Safety the biggest pandemic challenge
Phillipson concedes that building the attraction during the coronavirus pandemic has presented challenges, prompting his team to put a safety plan in place he says exceeds provincial guidelines, with staff having adjusted to the necessary restrictions such as working from home and working with limited space and social distancing.
“Our biggest challenge will be to help our guests feel safe and comfortable,” he says. “When we open, our team of guides and makers will be ready to make our guests feel at home in Little Canada. Our team is putting a tremendous amount of effort into making sure our guests feel safe and cared for from start to finish — which would be from Customs to Little Bites Café in Little Canada.”
“Customs” will serve as the entry into Little Canada. After guests purchase Little Canada tickets, they’ll wait in a “customs” line before being met by Little Canada experience guides to start their journey.
Little Canada will open with what’s described as a timed-ticket, guided, small-group experience of about 90 minutes, keeping guests safely apart and able to comfortably enjoy the attraction.

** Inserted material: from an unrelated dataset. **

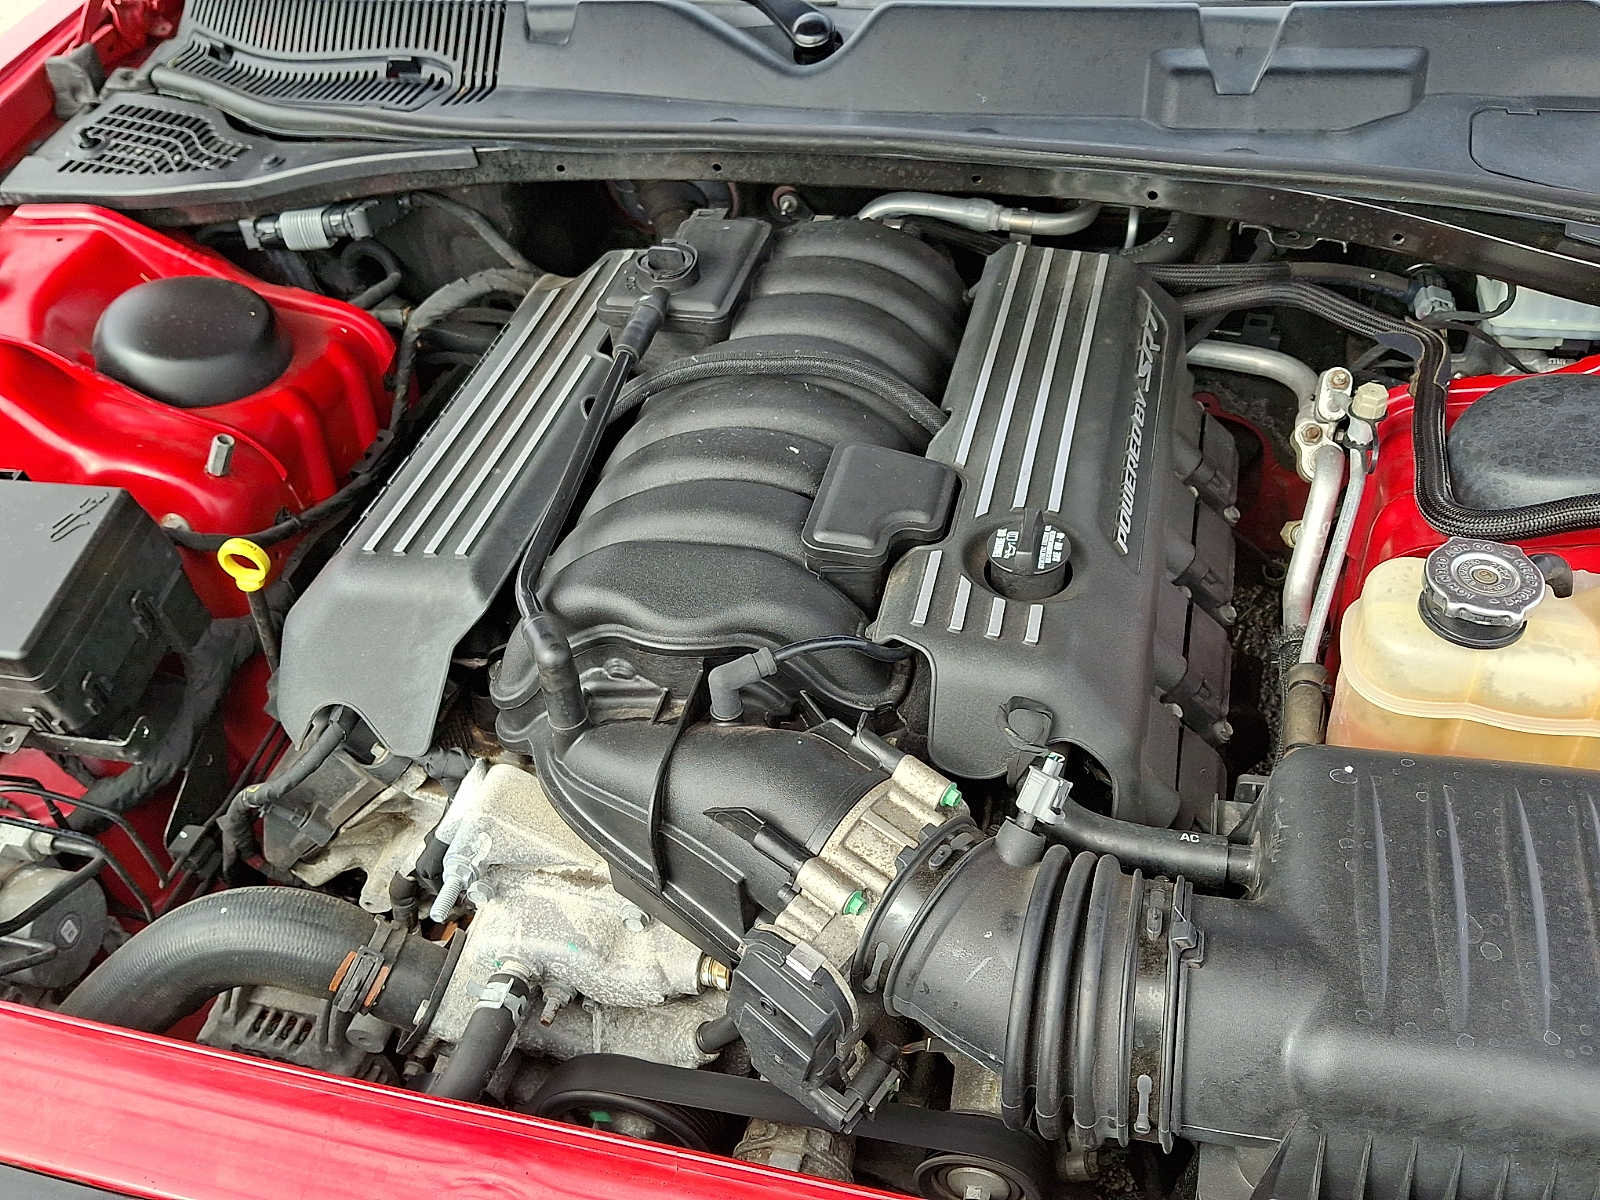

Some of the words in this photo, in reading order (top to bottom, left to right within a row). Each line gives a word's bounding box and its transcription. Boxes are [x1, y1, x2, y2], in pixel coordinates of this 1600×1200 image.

When the pandemic is fully over, it will become a free-flow experience, with guests able to wander through at their leisure. At that point, it will also introduce walk-up tickets for added convenience
And Phillipson promises that the attraction will continue to add new regions of this country, eventually showcasing Canada Ad Mare Usque Mare.
Planning for the future
“Canada wasn’t built in a day, and neither is Little Canada,” he says. “The country is so vast and diverse, it takes time to get it right for each destination we build. Little Canada will open with five little Destinations, with a sixth, Little North, under construction for all to see. Then we’ll continue to open new destinations, like Little East Coast and Little Rockies, every year or two until Little Canada stretches from coast to coast to coast.”
He continued: “When Little Canada is complete, we will represent all 13 provinces and territories. From the shores of the East Coast to the mountains in the West and up to the tundra of the North, Little Canada will touch every part of Canada, its beauty and natural diversity.”
“It’s not necessarily that any area is less known then another,” Phillipson observed, “it has to do with people not having the opportunity to visit other parts of Canada. Canada is so massive, there is so much to explore and experience that it’s hard to do in a lifetime. We hope that our experience offers visitors the opportunity to learn the many amazing things about Canada under one roof.”